PENTAGON: Mike Griffin doesn’t want to admit it in so many words, but the Office of Secretary of Defense created the Space Development Agency because they don’t think the Air Force’s Space and Missile Systems Center can really shake things up in space acquisition.
The senior Air Force leadership, which has publicly opposed creation of the SDA, argues there’s no need for it and point to the reorganization of SMC. The reorg, which departing Air Force Secretary Heather Wilson told me would “blow my socks off (it hasn’t yet),” is designed to speed satellite acquisition and generally make the famously stovepiped but highly competent organization more responsive.
I pressed Griffin this week on why the Pentagon needed a new space acquisition office since they already have SMC. I asked, based on his own comments about needing an office to help disrupt the space enterprise, if he was concerned SMC wasn’t responsive enough. If it was, why did they need another place that built satellites? He would not be drawn and repeated his broad point about disruption: “If you want disruptive change you probably need a disruptive organization.”
But Wilson and others in the Air Force have made it abundantly clear they don’t support creation of SDA, which was formally created March 12.
“I have some concerns about what is the mission of this entity (the Space Development Agency). Why do we think it would be better than what we currently do, and what exactly would it be focused on,” Wilson, whose service includes the Space and Missile Systems Center, told me in Orlando on Feb. 28 when I asked her how the proposed Space Development Agency would work with SMC.
Defense News ran a nice piece today about a Feb. 28 memo (the same date the secretary answered my question) in which Wilson says:
“Until the Space Development Agency has a uniquely identifiable mission that cannot be accomplished by current organizations, the plan should not move forward.”
Asked by my colleague Aaron Mehta why the Air Force leadership opposed SDA, Griffin offered this:
“It is a general rule that large, existing organizations do not respond well or favorably toward new innovations. It would be an exception if they did embrace a new idea. So, I’ll just leave it at that.”
Bottom line: Acting Defense Secretary Patrick Shanahan and Griffin, head of Pentagon research and development, think the Air Force can’t be nimble enough to do what they think needs doing. So they’ve created SDA.

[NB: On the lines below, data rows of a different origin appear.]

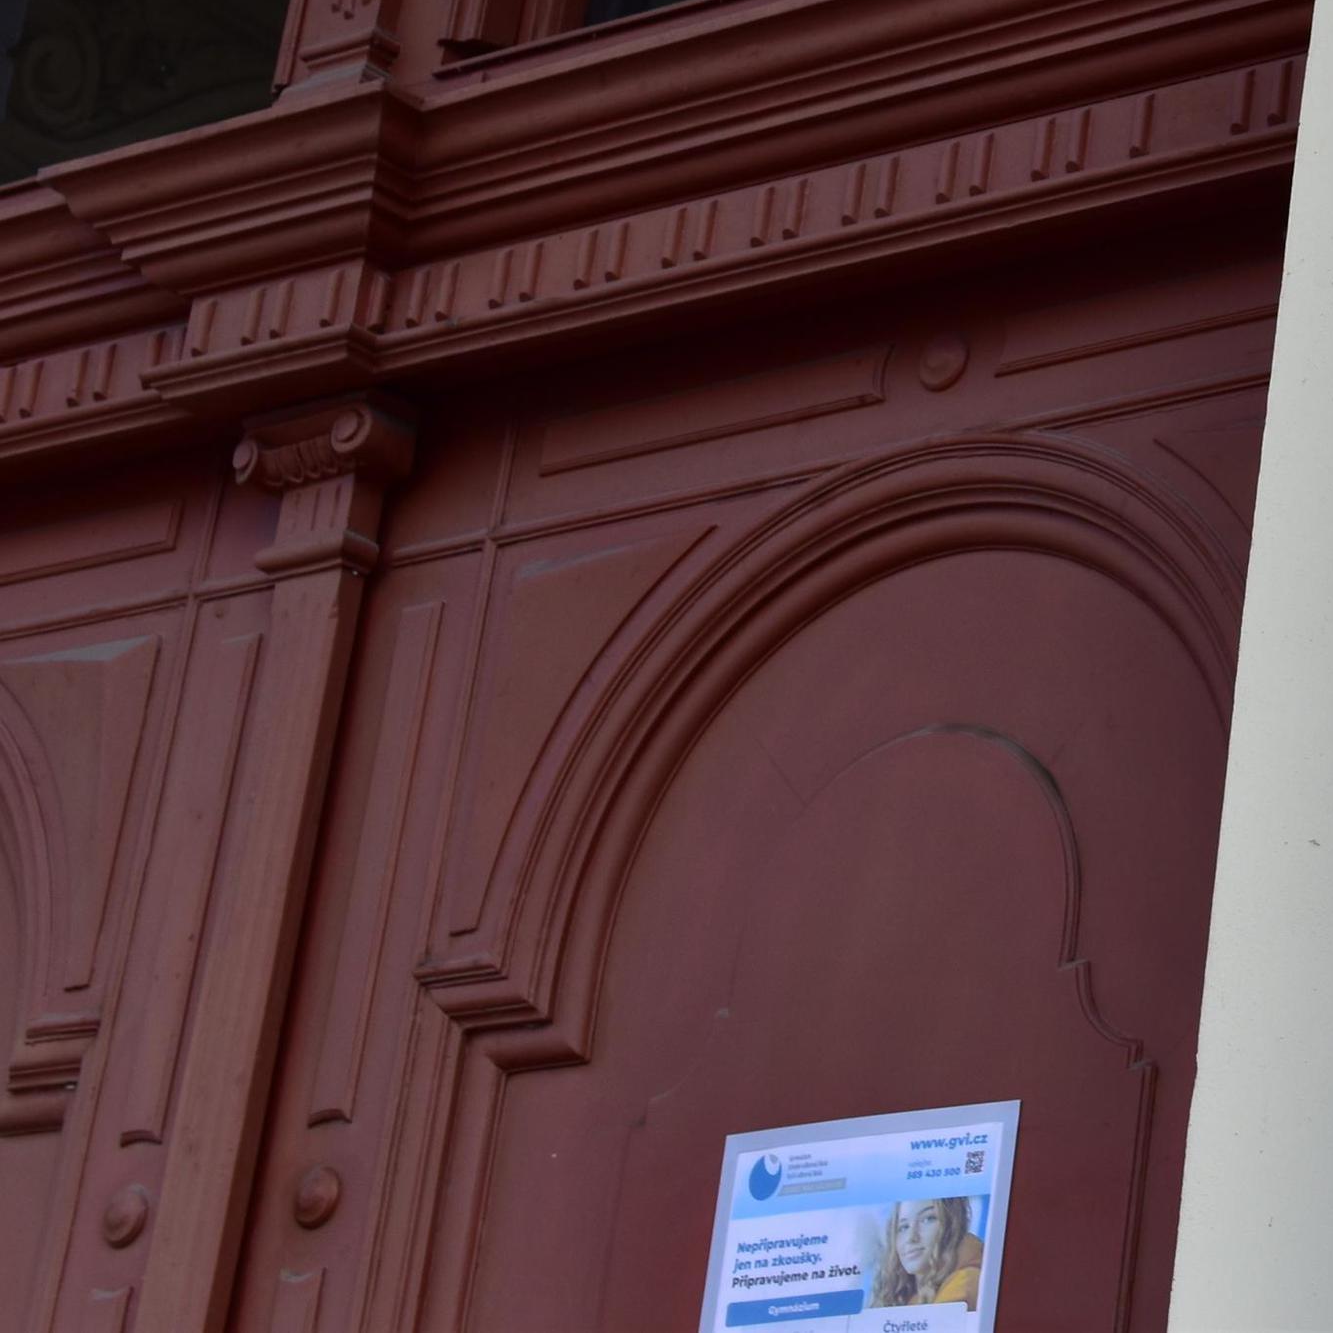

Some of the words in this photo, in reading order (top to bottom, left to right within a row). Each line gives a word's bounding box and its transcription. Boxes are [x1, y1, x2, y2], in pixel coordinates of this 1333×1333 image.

[736, 1233, 829, 1254] Nepřipravujeme
[732, 1258, 752, 1274] jen
[754, 1258, 769, 1269] na
[771, 1252, 823, 1266] zkoušky.
[731, 1271, 809, 1289] Připravujeme
[810, 1269, 825, 1280] na
[827, 1264, 862, 1279] život.

I asked Griffin who would create requirements for SDA and he made it pretty clear it would steer clear of the standard military requirements process where services develop requirements which are then screened by the infamous Joint Capabilities Integration and Development System (JCIDS). Instead of spending 18 months wending through JCIDS, Griffin said they would be developed with input from combatant commanders, the four services “and other stakeholders.”

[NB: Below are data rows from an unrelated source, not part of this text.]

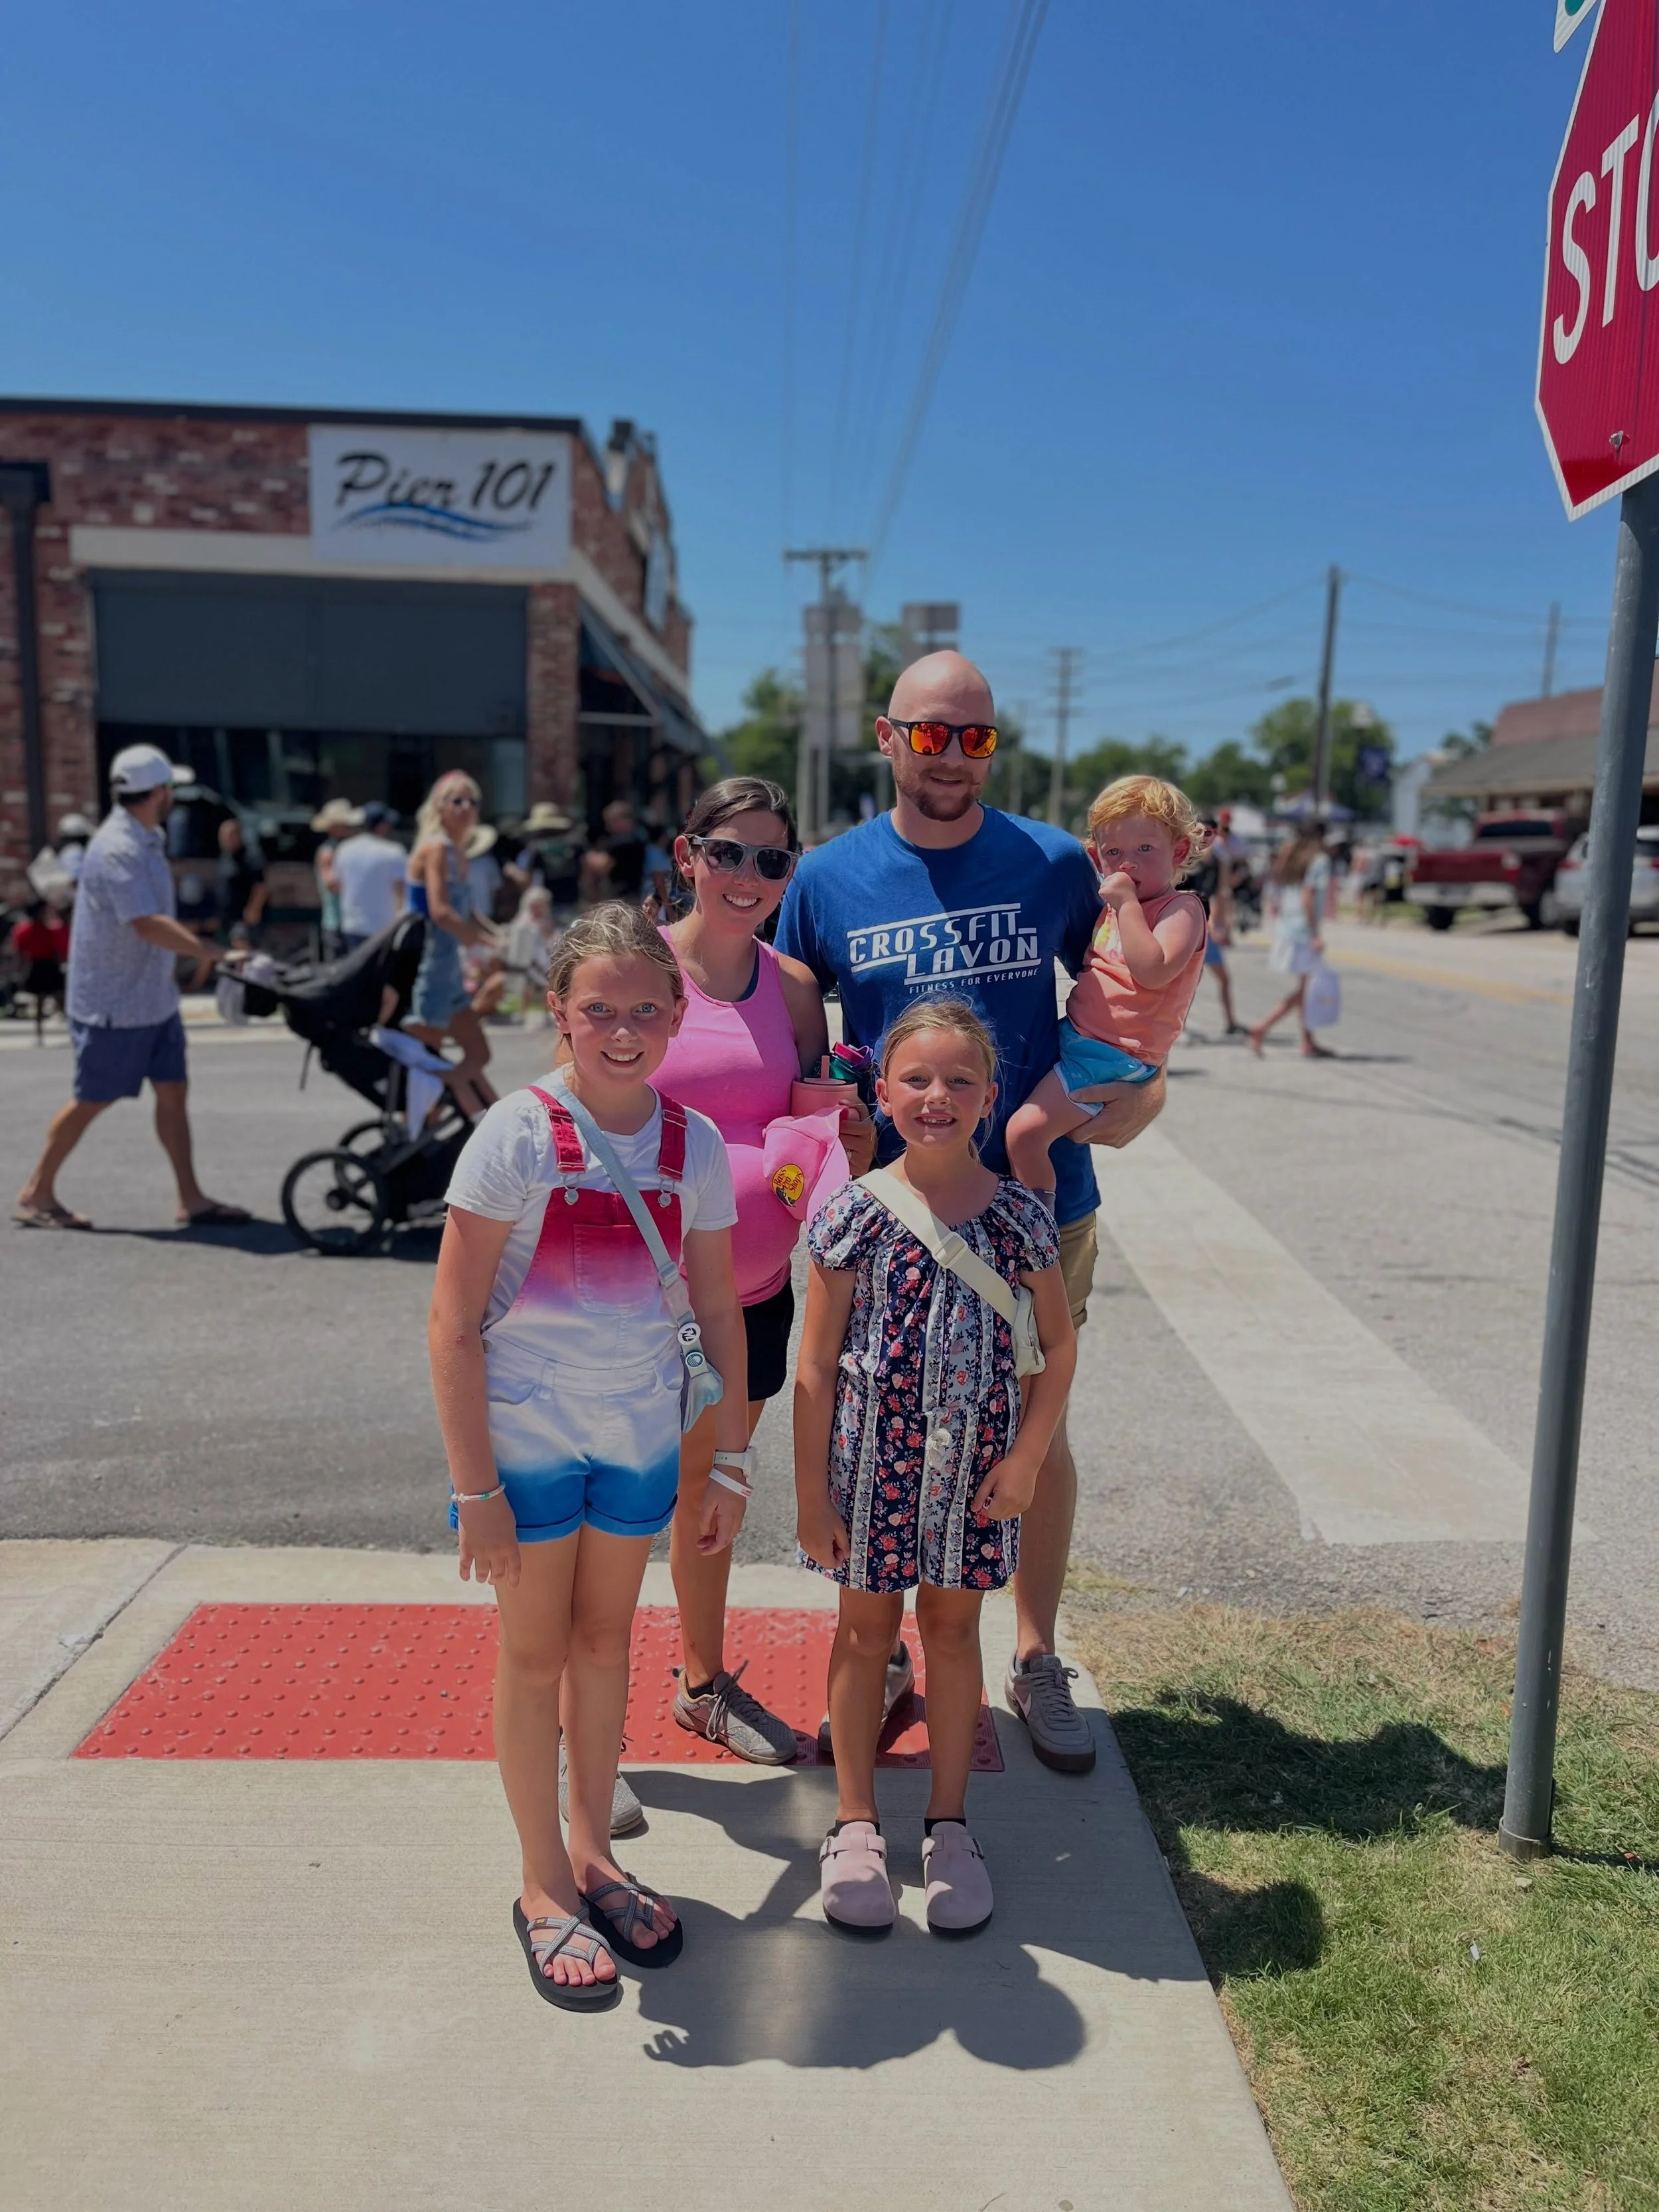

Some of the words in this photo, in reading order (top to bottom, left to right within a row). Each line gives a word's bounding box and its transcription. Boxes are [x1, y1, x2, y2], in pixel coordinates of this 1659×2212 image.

[333, 451, 456, 509] Pier
[471, 462, 555, 511] 101
[849, 911, 1022, 964] CROSSFIT
[906, 936, 1038, 978] LAVON
[909, 981, 955, 994] FITNESS
[961, 976, 981, 987] FOR
[986, 968, 1039, 984] EVERYONE
[773, 1169, 787, 1187] Bass
[782, 1177, 792, 1190] Pro
[788, 1172, 803, 1194] Shops

SDA will be small to start with — about 100 people — Griffin said, a mix of military and civilians, which is pretty standard for space. (I’m betting the Aerospace Corp. will be closely involved, but that’s just a hunch.)

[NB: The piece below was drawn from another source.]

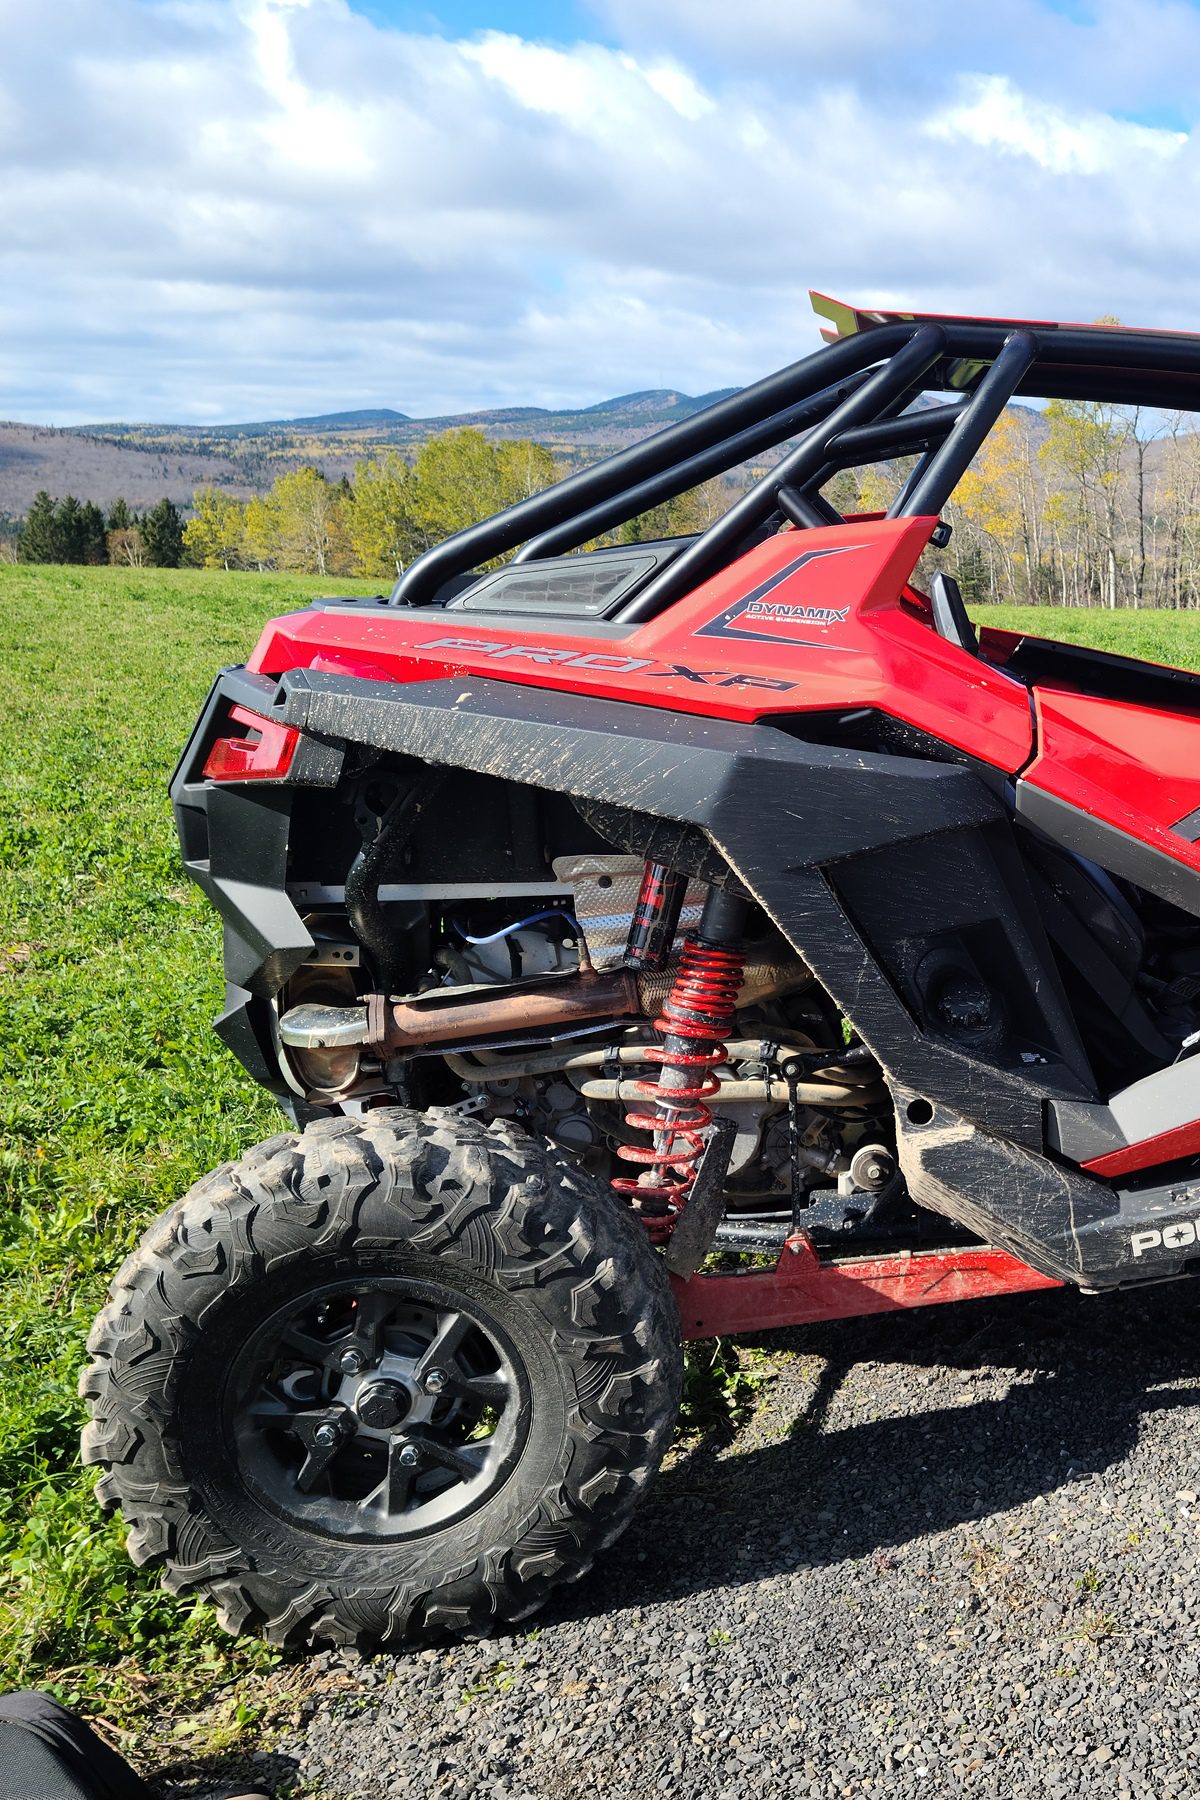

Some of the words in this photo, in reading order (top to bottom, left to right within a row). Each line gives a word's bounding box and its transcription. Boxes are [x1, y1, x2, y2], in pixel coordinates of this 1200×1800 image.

[746, 601, 850, 626] DYNAMIX
[775, 616, 827, 626] SUSPENSION
[412, 636, 659, 673] PRO
[639, 663, 801, 692] XP

What will SDA do for its maiden voyage? It will be build a network of small satellites in Low Earth Orbit (LEO) with a mix of communications gear and sensors designed to detect hypersonic weapons.
Why? Because they have played a key role in destroying America’s communication and warning satellites during war-games, illustrating just what big, fat and rich targets those largely stationary satellites are in Geospatial orbit. Griffin, clearly having read our story about the recent RAND war-games, even quoted our headline about the US getting its ass handed to it.
The new SDA effort will owe much to a DARPA program known as Blackjack. We’ve got an excellent missile warning satellite known as Space Based InfraRed System (SBIRS), with excellent staring sensors that can spot ballistic missile launches with a high degree of certainty, as well as a range of other targets that emit heat.
But hypersonic weapons emit much less heat than do ballistic missiles, Griffin noted. He said that, “today we cannot reliably see more than one hypersonic missile a a time.” Part of the reason is speed but the more fundamental challenge is that “they are 10 to 20 times less bright than ballistic missiles, so we need to be much closer to see them.”
One of the things I’ve always admired about Griffin is his ability to speak and think clearly. He did just that toward the end of the roundtable. “We need to be able to see offensive hypersonic missiles to blunt their spear,” he said. “The threat is already out there. I am taking about a response.”